Dataset entries
━━━━━━━━━━━━━━━━━━━━
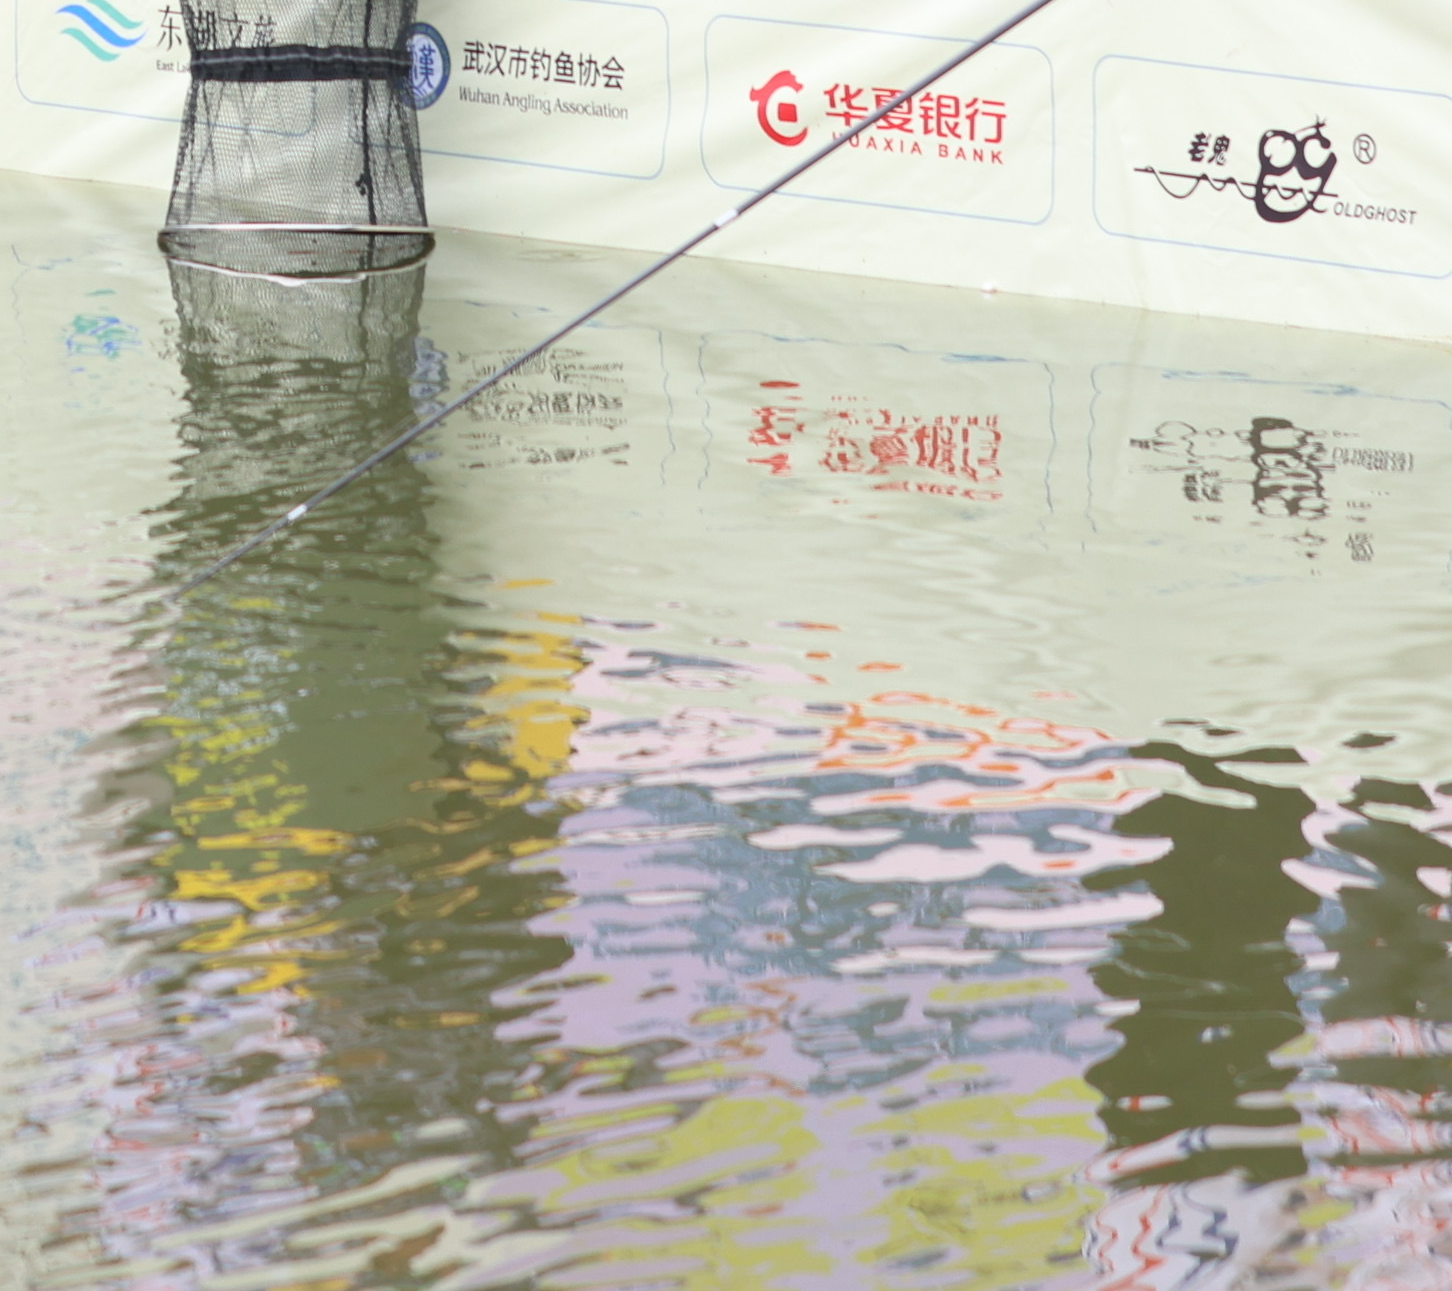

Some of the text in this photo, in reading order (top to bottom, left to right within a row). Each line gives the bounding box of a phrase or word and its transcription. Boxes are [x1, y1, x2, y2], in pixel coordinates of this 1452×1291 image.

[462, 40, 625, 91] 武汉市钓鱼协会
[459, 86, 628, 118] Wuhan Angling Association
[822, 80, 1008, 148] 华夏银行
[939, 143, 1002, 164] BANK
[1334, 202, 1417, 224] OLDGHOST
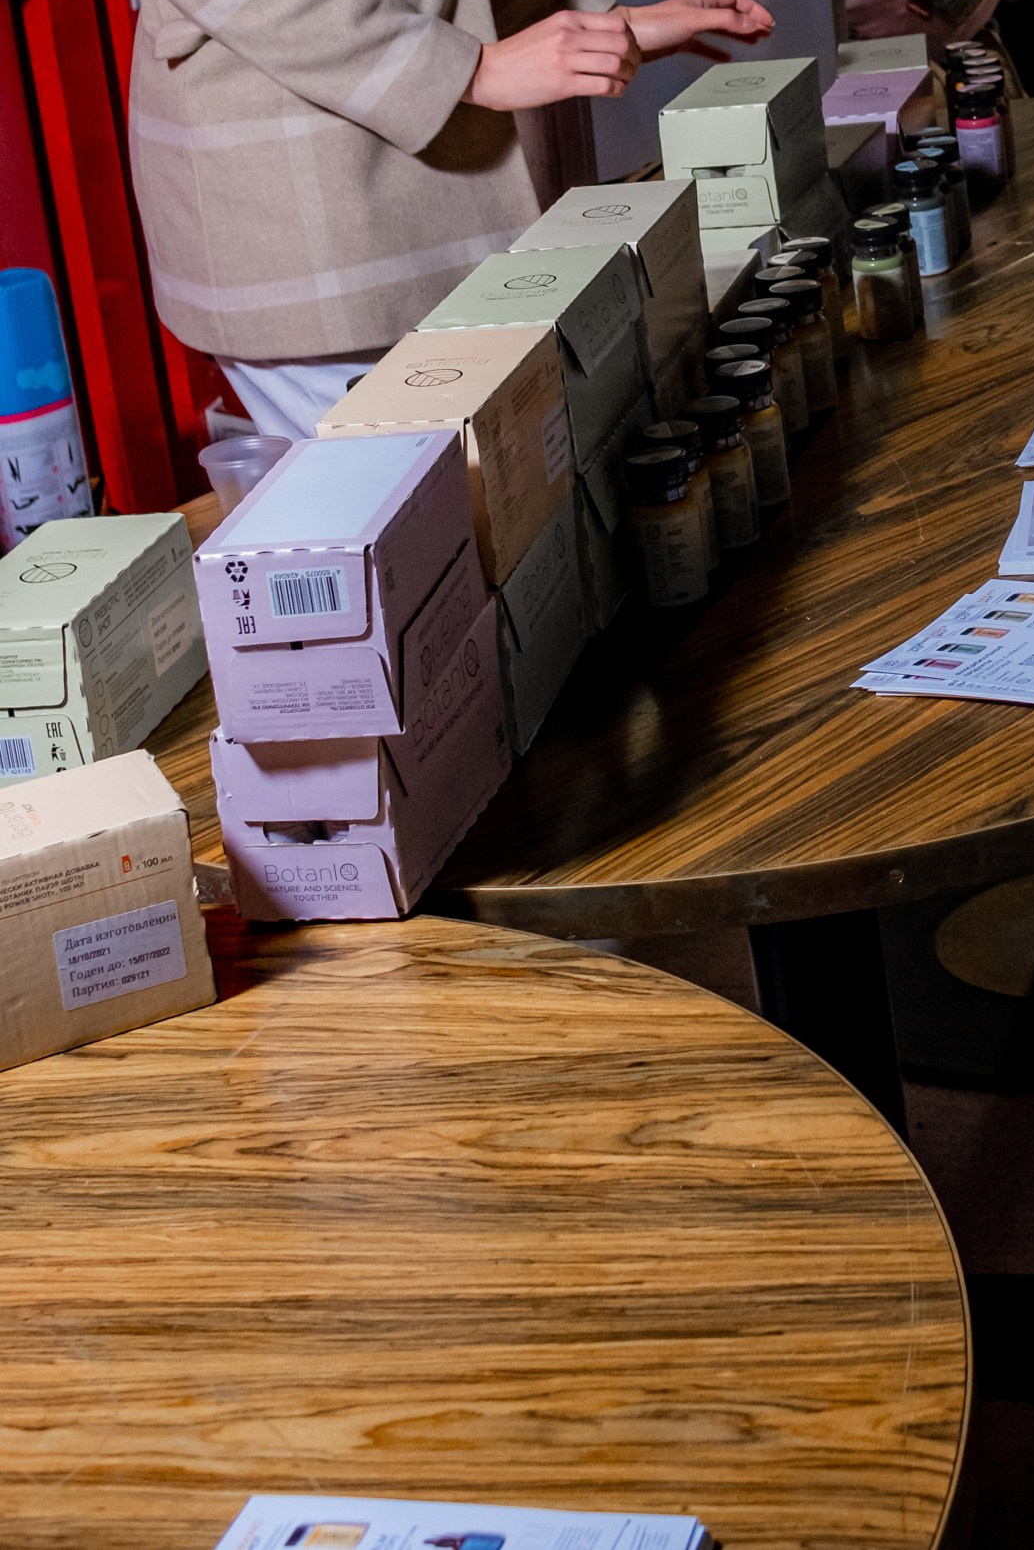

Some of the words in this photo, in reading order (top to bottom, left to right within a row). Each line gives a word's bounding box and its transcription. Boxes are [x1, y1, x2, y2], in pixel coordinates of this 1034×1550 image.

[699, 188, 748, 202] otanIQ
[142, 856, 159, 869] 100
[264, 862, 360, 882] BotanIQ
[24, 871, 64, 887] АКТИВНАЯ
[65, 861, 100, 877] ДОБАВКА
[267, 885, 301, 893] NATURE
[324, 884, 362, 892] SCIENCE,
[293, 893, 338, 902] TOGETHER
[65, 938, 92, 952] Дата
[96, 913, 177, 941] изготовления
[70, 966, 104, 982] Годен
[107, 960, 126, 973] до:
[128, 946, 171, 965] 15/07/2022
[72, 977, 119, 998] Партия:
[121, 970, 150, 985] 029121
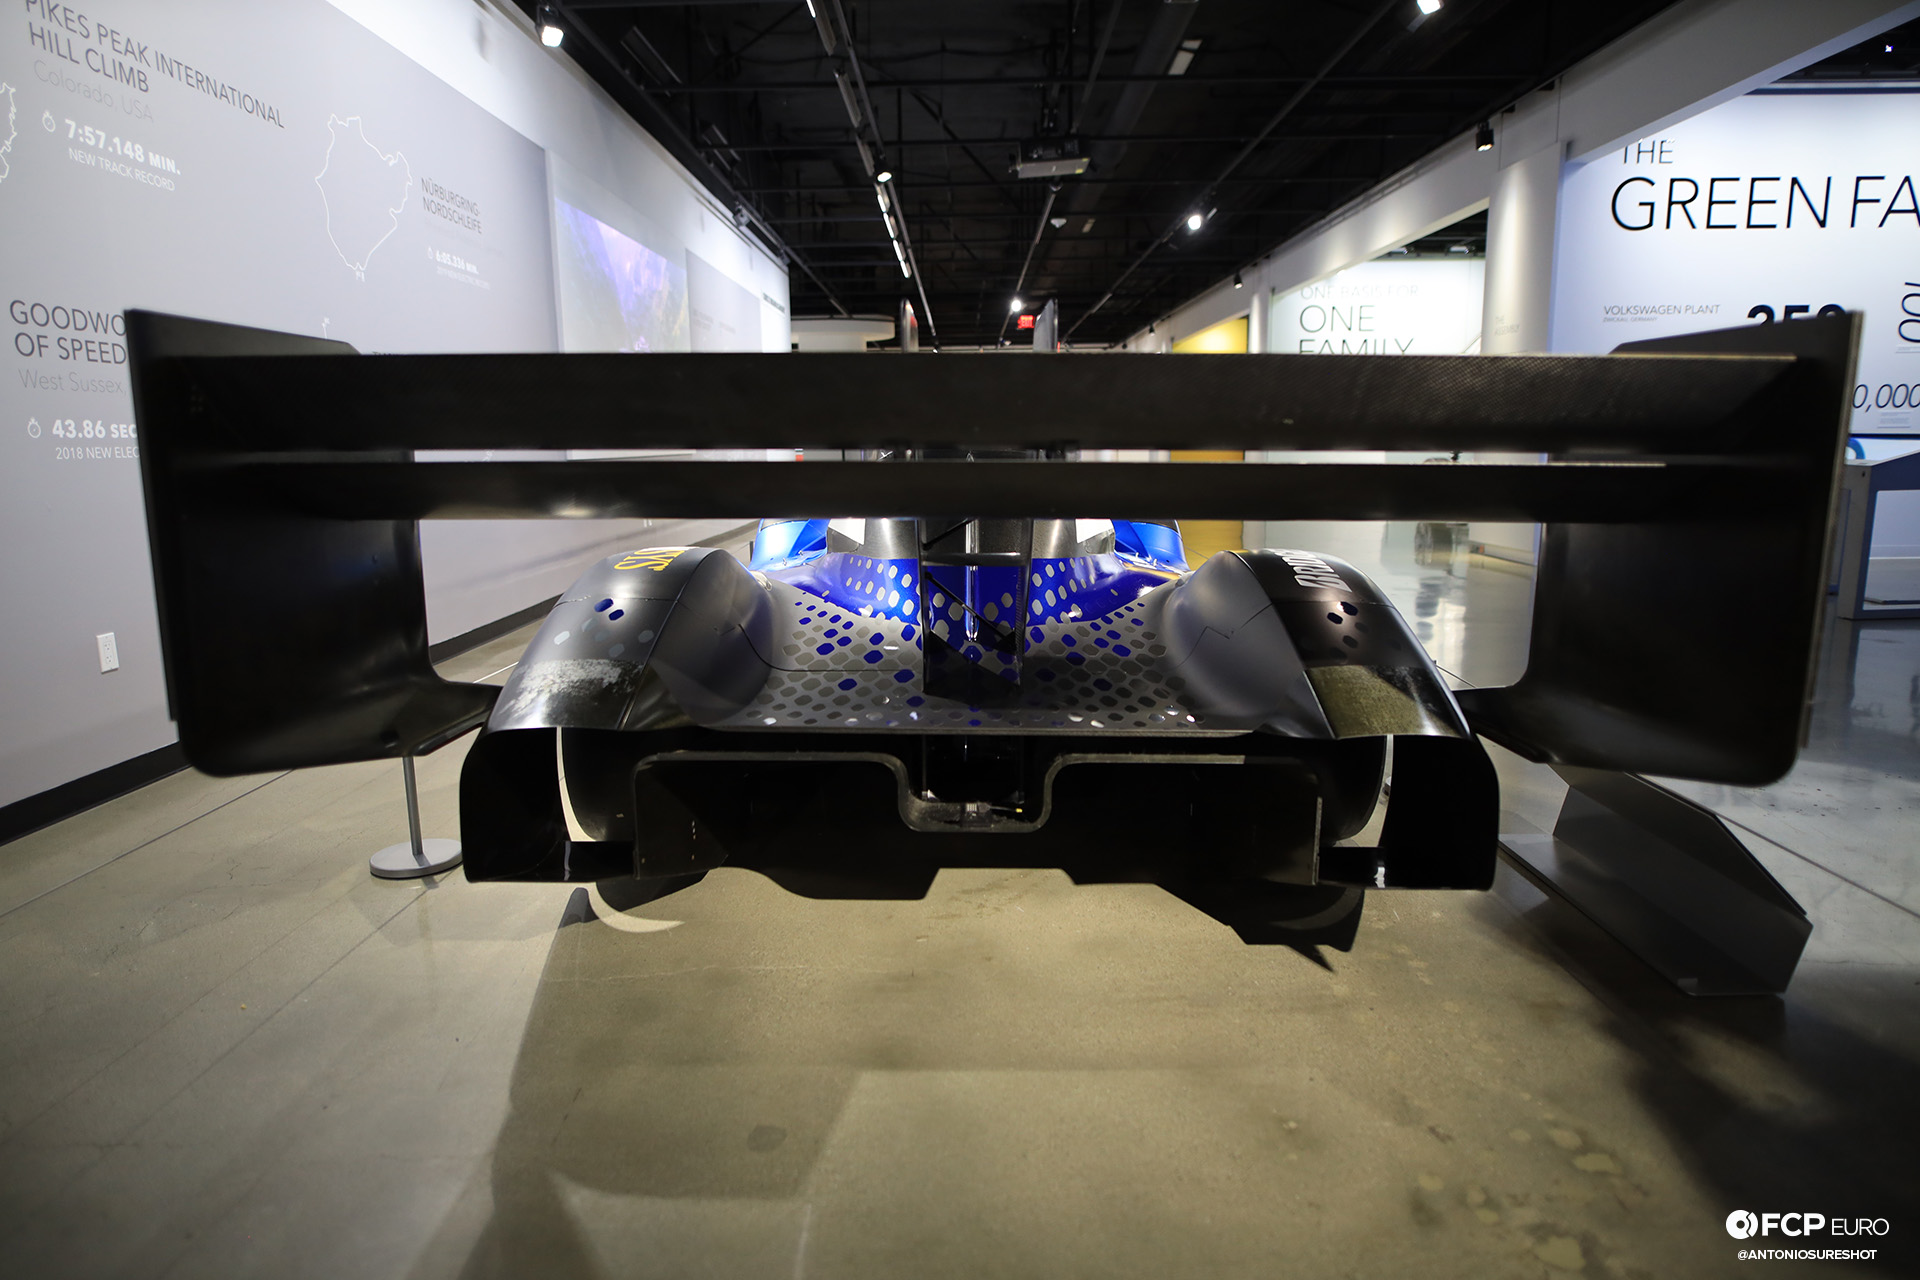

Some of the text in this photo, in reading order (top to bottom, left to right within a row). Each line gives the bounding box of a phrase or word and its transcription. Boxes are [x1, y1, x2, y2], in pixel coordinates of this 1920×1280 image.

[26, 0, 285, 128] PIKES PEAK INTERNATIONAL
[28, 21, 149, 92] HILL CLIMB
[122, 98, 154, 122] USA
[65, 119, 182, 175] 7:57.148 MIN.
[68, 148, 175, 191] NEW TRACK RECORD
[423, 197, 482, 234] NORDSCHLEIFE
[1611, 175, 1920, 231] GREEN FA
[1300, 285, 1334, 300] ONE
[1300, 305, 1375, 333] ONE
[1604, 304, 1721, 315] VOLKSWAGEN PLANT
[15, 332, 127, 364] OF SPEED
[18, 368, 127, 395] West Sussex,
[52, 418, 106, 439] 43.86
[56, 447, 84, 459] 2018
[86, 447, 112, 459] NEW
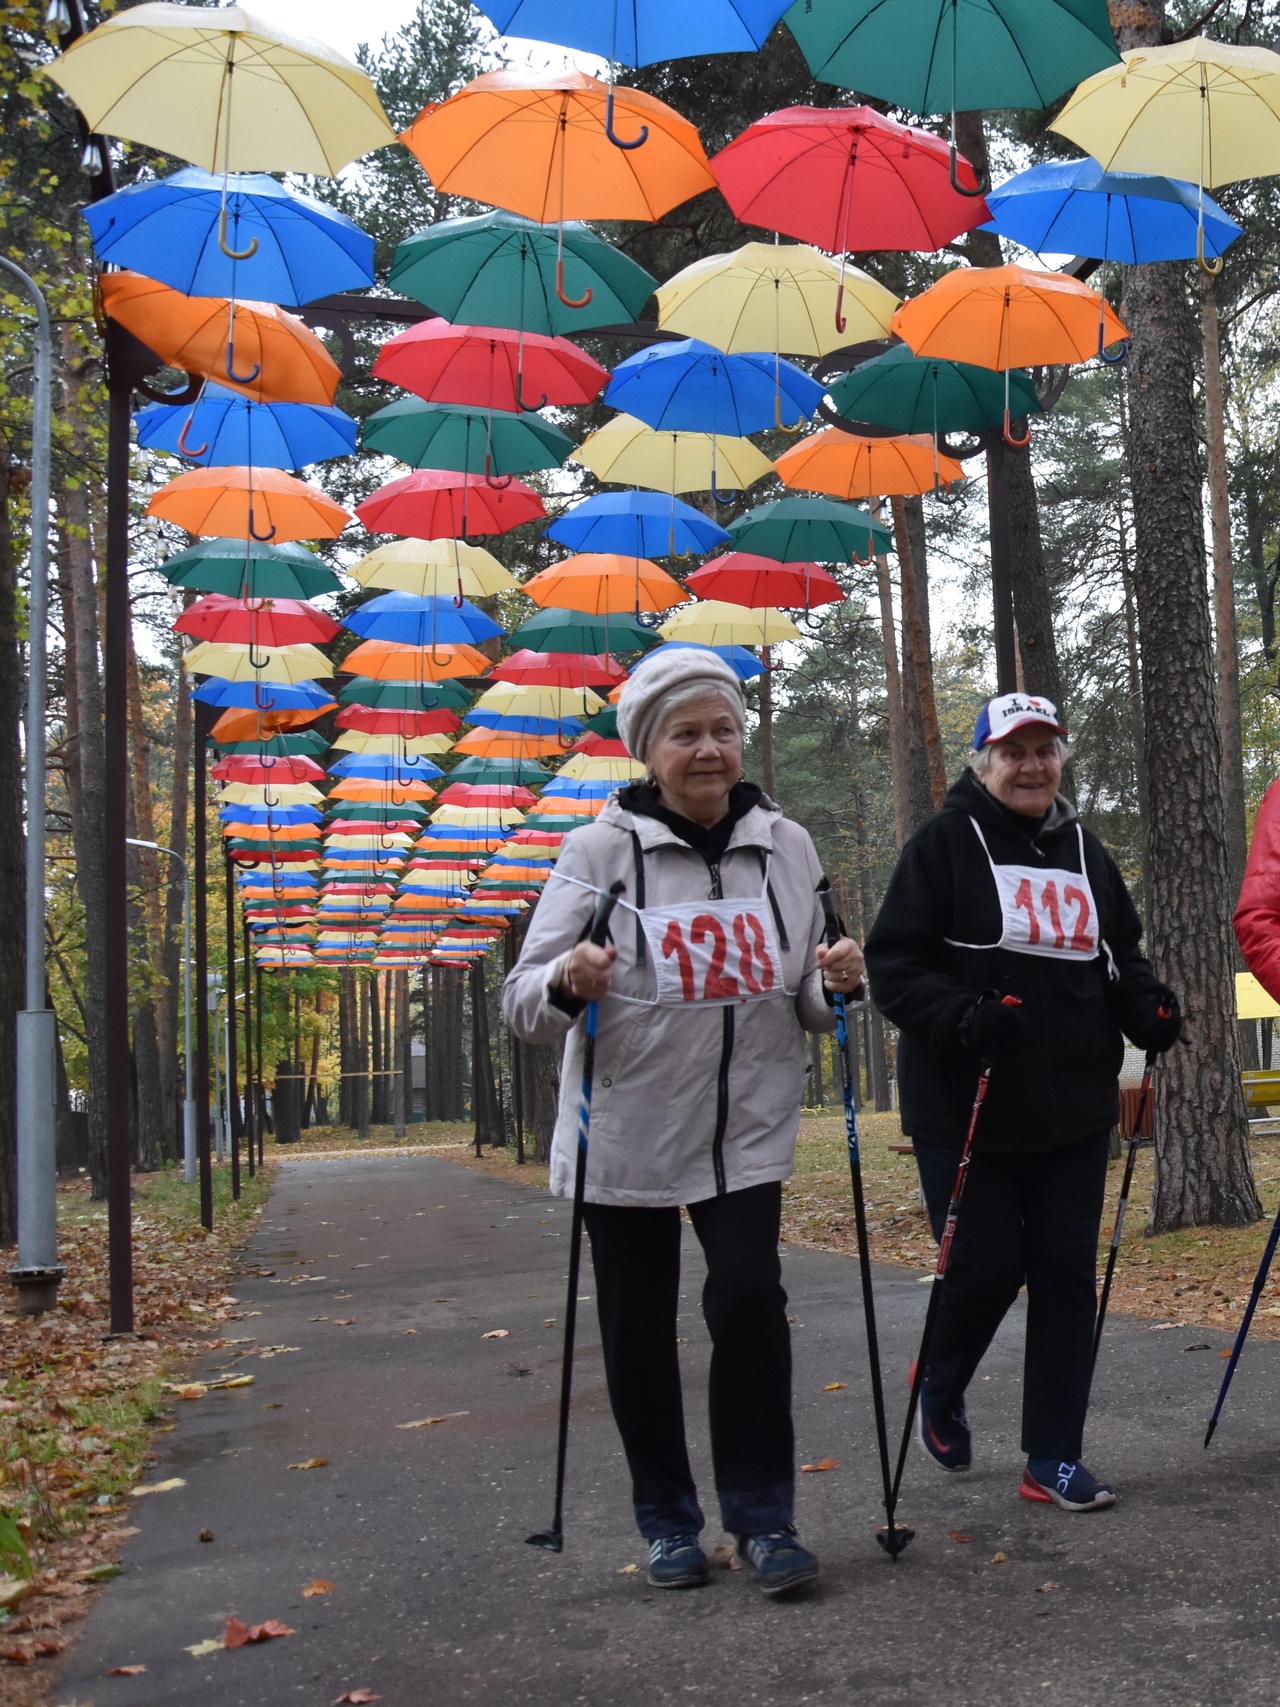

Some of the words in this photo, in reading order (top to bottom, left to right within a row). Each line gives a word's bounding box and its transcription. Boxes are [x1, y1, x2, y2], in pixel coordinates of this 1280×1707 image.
━━━━━━━━━━━━━━━━━━━━
Your copy should match every record exactly and contain no pictures.

▶ TASK ANSWER:
Some of the text in this photo, in reading order (top to bottom, left to right within a row). Each line gives the bounding box of a phrase or word and its transcription. Boxes are [x1, y1, x2, y2], in pixel coordinates of this 1452×1291 image.

[462, 40, 625, 91] 武汉市钓鱼协会
[459, 86, 628, 118] Wuhan Angling Association
[822, 80, 1008, 148] 华夏银行
[939, 143, 1002, 164] BANK
[1334, 202, 1417, 224] OLDGHOST

Some of the words in this photo, in reading order (top to bottom, left to right within a row). Each line gives a word's bounding box and its transcription. Boxes are [x1, y1, x2, y2], in pixel coordinates of this 1034×1550 image.

[699, 188, 748, 202] otanIQ
[142, 856, 159, 869] 100
[264, 862, 360, 882] BotanIQ
[24, 871, 64, 887] АКТИВНАЯ
[65, 861, 100, 877] ДОБАВКА
[267, 885, 301, 893] NATURE
[324, 884, 362, 892] SCIENCE,
[293, 893, 338, 902] TOGETHER
[65, 938, 92, 952] Дата
[96, 913, 177, 941] изготовления
[70, 966, 104, 982] Годен
[107, 960, 126, 973] до:
[128, 946, 171, 965] 15/07/2022
[72, 977, 119, 998] Партия:
[121, 970, 150, 985] 029121

Some of the text in this photo, in reading order (top to bottom, left to right within a row). Each line gives the bounding box of a phrase or word and its transcription. Boxes are [x1, y1, x2, y2], in pixel coordinates of this 1920×1280 image.

[26, 0, 285, 128] PIKES PEAK INTERNATIONAL
[28, 21, 149, 92] HILL CLIMB
[122, 98, 154, 122] USA
[65, 119, 182, 175] 7:57.148 MIN.
[68, 148, 175, 191] NEW TRACK RECORD
[423, 197, 482, 234] NORDSCHLEIFE
[1611, 175, 1920, 231] GREEN FA
[1300, 285, 1334, 300] ONE
[1300, 305, 1375, 333] ONE
[1604, 304, 1721, 315] VOLKSWAGEN PLANT
[15, 332, 127, 364] OF SPEED
[18, 368, 127, 395] West Sussex,
[52, 418, 106, 439] 43.86
[56, 447, 84, 459] 2018
[86, 447, 112, 459] NEW

Some of the words in this photo, in reading order (top to bottom, left to right within a row). Each line gives a word's bounding box and its transcription. Boxes are [x1, y1, x2, y2], in pixel coordinates of this 1280×1707 image.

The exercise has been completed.